In particular, it seemed to have absorbed the brunt of the “Too soon?” questions. Though Stone asks and answers the question himself, unprompted. “The Killing Fields was made five years after the Cambodian genocide,” he says. “World War II movies were made in the heart of it.
As for 9/11, he says, “there’s no ‘too soon.’ The consequences of that day are all around us.”
Which starts Stone talking politically about the fallout of that day. As he talks, you start to visualize the movie he could have made (and may still).
Turns out the “inside job” conspiracy theories (in which Bush, Cheney, the CIA, etc. planted explosives in the towers) leave him cold. “(JFK aside), I’m not a believer in conspiracy theories per se. You do have to be aware of alternative explanations for things, because that’s the way the world is. There’s no one explanation for anything. But I don’t buy the prime motive of this thing.
“So I don’t subscribe to a conspiracy on that day, above and beyond what 20 conspirators and al-Qaida did. But there is a conspiracy since then, and it’s in front of everybody’s noses. It’s been outed by people like (former Bush terrorism adviser) Richard Clarke, how a cabal of neo-conservatives decided to go to war with Iraq against all the advice of the CIA and State Department and all the branches of government who fed them intelligence.
“It’s a consequence of 9/11, and the consequences of 9/11 are far worse than 9/11 itself. We have beheadings on the Internet, a moral climate of fear, more deaths in the world from terror, a breakdown of constitutional protections — which is very important in America, people don’t understand how important that is.
“Also the debt, the waste and $50 billion on a Homeland Security Act. It’s been a nightmare, and we’re in for worse.”
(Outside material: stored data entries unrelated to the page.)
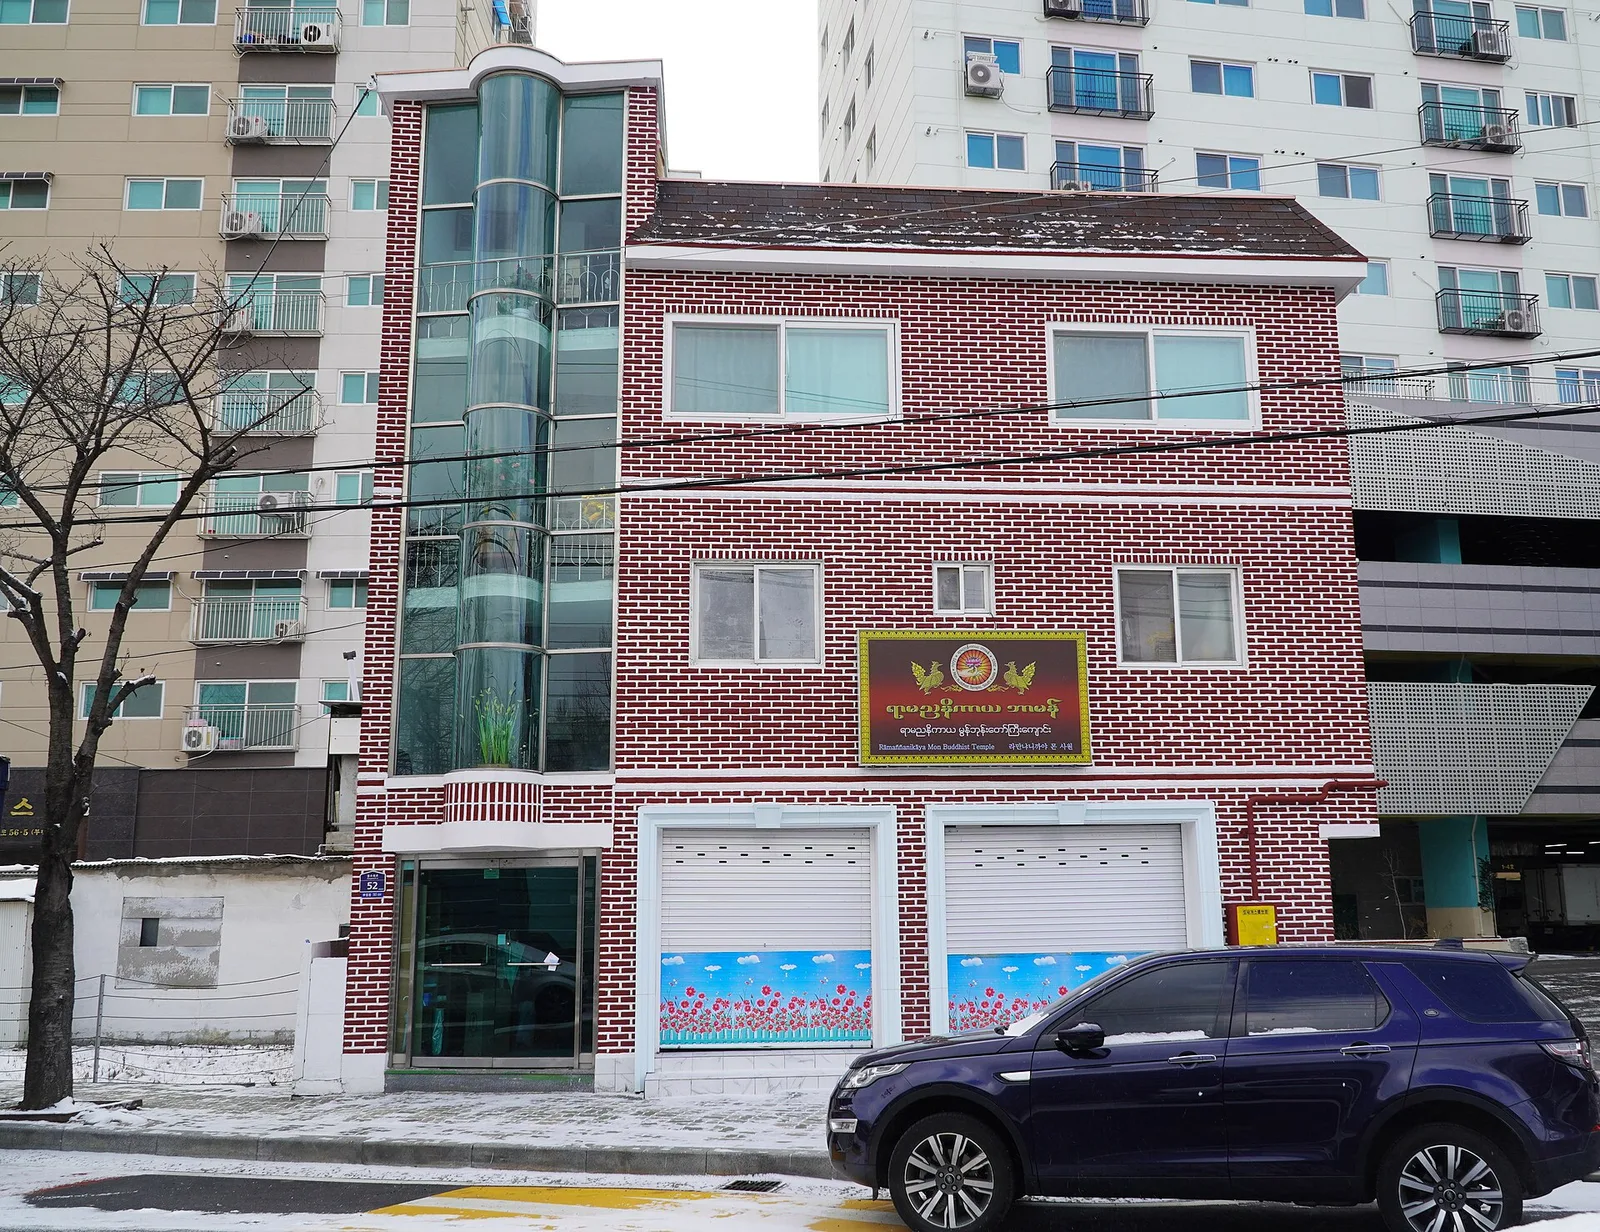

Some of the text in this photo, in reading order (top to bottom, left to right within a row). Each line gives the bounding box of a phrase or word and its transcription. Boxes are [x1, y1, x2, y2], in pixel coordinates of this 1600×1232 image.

[927, 743, 941, 751] Mon
[942, 743, 970, 751] Buddhist
[971, 743, 995, 751] Temple
[1059, 742, 1074, 751] 사원
[9, 797, 35, 816] 스
[367, 882, 378, 890] 52
These were the thoughts that Stone says preoccupied him at the time World Trade Center was offered as a project. “My thoughts were, ‘Go back to the day, Ground Zero. It all springs from that. If you were raped and suffered consequences from that all your life, you’d go to a psychiatrist, perhaps, and go back to the day of the rape. Face your demons, don’t live in fear.
“I did it with Platoon. It was, ‘Let’s go back to the jungle, try to remember it, smell it, sense it as it was.’ In a way, this is just a different jungle.”